Residential square in Central London

Porchester Square is an archetypal-format, narrow London garden square in Bayswater on the cusp of inter-related Westbourne. It is lined with tall white Victorian classical architecture residential buildings.

It is half of one large block south of the closing section of the Great Western Main Line that leads into London Paddington station.

==History==
===Etymology===
Successive heads of the Thistlewaites, whose seat was Portchester Castle in Hampshire, were foremost of three to four co-trustees of the Bishop of London's majority landholding of Paddington. This was throughout conversion from agricultural dominance to controlled urban housing: before 1750 until building began on this particular plot in 1850. Their manor was agreed as acceptable for three roads that survive and Porchester Square at the time.

===Development===
Eight building firms were used, resulting in slightly different exteriors of the large houses (now internally all converted into flats). Classical features are:
- porticoed steps to the front doors
- sash windows
- first floor juliet balconies with wrought iron railings
- multiple cornices
- roofline balustrades.

The terrace of houses on the northern side of the square back onto the garden, without an intervening road, in the manner of at least three other nearby squares. (Note: Prince's with Leinster Square, northern Ennismore Gardens and Gloucester Square) As a consequence of this formation, these northern houses front a road with two names - Porchester Square on its southern side; Gloucester Terrace on its northern.

The houses on the south side, keeping their façades and much of their internal structure, have been incorporated into an award-winning wider private development of flats and commercial premises since the mid-1970s, The Colonnades.
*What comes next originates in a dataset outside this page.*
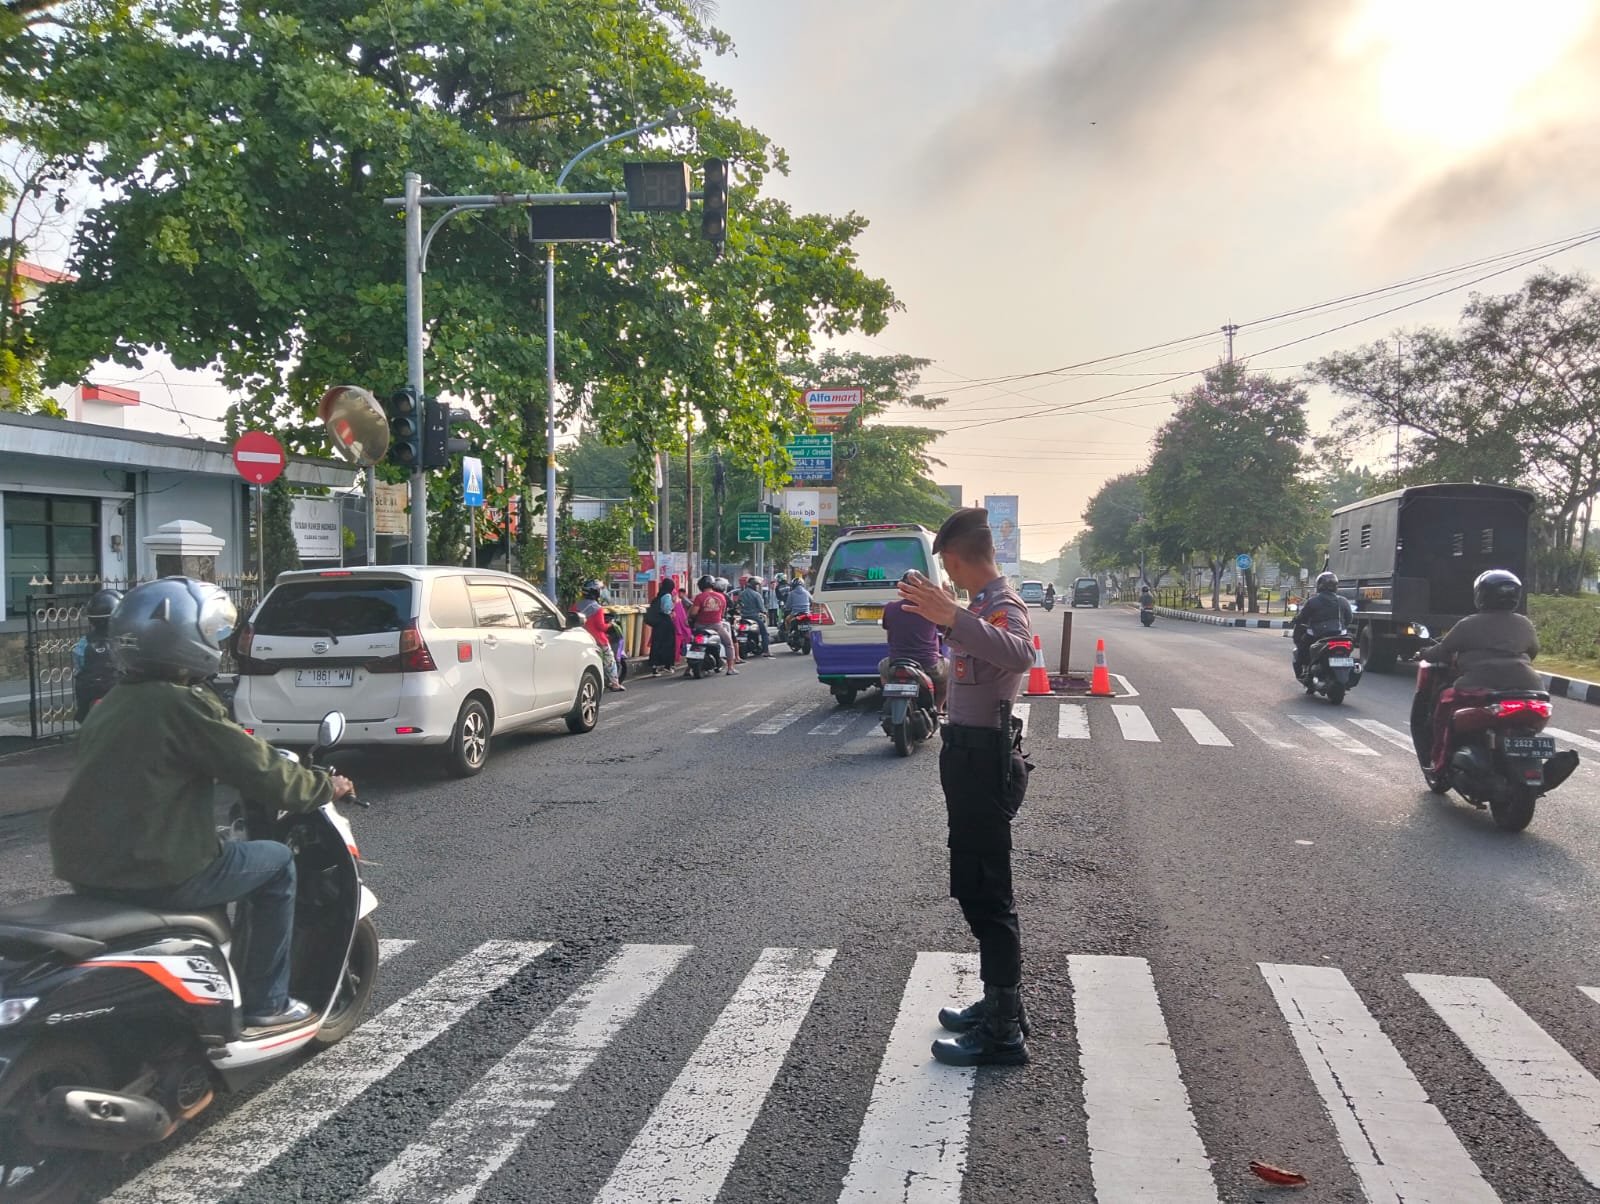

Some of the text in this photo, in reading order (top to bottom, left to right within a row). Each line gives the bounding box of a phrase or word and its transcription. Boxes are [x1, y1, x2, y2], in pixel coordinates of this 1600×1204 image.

[809, 392, 857, 403] Alfamart
[1364, 590, 1384, 600] POLISI
[297, 669, 352, 681] Z 1861 WN
This development was one of the first major projects of architects whose status later grew, Sir Terry Farrell and Sir Nicholas Grimshaw.

The central gardens of the square which are open to the public. It has large, well-rooted, tall London plane (Platanus × hispanica) trees, flowering cherry trees, extensive lawns, colourful flower beds and a children's playground.

Begun in 1850 and completed between 1855 and 1858, the square was one of the last areas of Bayswater and Westbourne built. The dominant architect was George Wyatt, but the final word on both the general layout and the architectural detail was with George Gutch who in 1822 as surveyor of Bishop of London's then intrinsically Paddington lands reviewed and ratified all developments. At the outset of building the area was considered in the parish and soon the Metropolitan Borough of Paddington. In 1965 the authority became the City of Westminster which took the borough as its northern part, dissolving it.

The architectural facades of the classical terrace, facing onto Porchester Square Garden, now incorporated into the Colonnades development, were carefully refurbished in 2020 by the freeholders.

==Recognition with protection==
In the mainstream, initial category for protection and recognition are the original two sides which survive. These are the north (No.s9 to 31) and east (No.s1 to 8).